Hi everibody.
I'm working with a dataframe with many character vector in which each
observation is made of one or more unique values.
Example:
> Licenza[56:58]
[1] BSD License, GNU Library or Lesser General Public License (LGPL)
[2] Qt Public License (QPL)
[3] GNU General Public License (GPL)
66 Levels: ... Zope Public License
As you can see, the observation can have one or more Licenses associated
with them.
I want to build a vector with the number of times every element (e.g.

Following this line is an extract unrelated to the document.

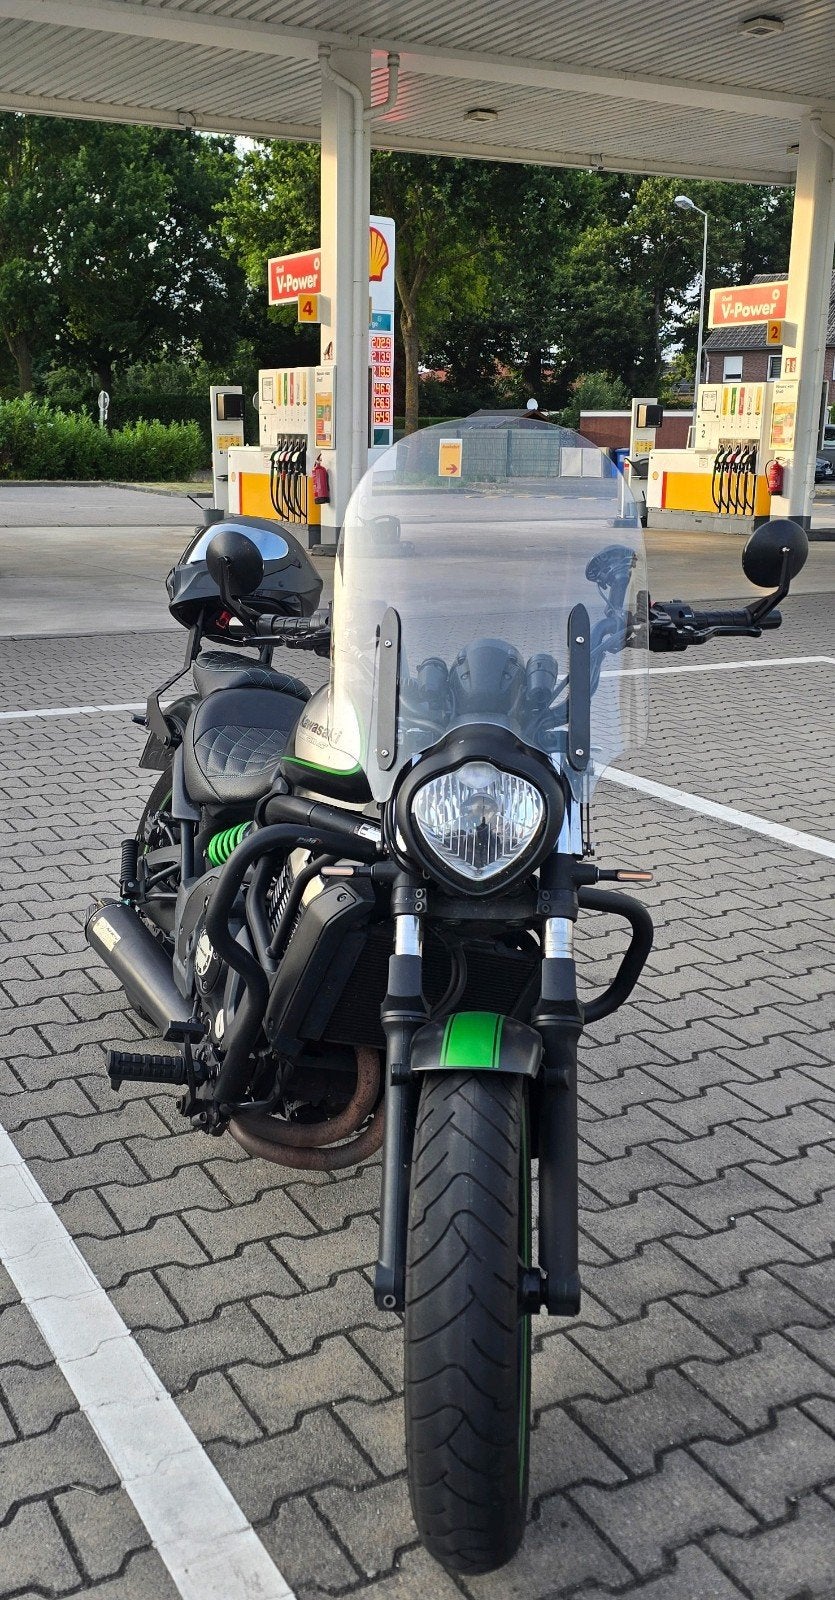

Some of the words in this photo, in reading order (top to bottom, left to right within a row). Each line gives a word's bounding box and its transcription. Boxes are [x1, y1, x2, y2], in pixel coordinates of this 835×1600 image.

"BSD License") occurs in the vector, by itself or in association with
others (i.e. I want to count the elements containing "BSD License" as
well as those containing "BSD License, GNU Library or Lesser General
Public License (LGPL)", and so on).
I've tried to use a "for" loop as follows:
> for(i in Licenza.elenco) {
+ Licenza.elenco.prova[Licenza.elenco==i] <-
length(grep(".*i.*",as.character(Licenza)))}
In which Licenza.elenco is a character vector containing all unique
values I need to match (e.g. BSD License, Qt Public License (QPL), GNU
General Public License (GPL)).
However R handles as I expect only the first variable substitution (the
index), but grep matches all strings containing the letter "i", that
is
100% of the vector, except NAs of course.
After running the above code I get:
> Licenza.elenco.prova
[1] 2235 2235 2235
I've tried escaping the variable name, enclosing it in brackets, but
nothing works as I want.
I'm sure I'm doing something wrong, but what?
Thaks in advance
Alberto Fornasier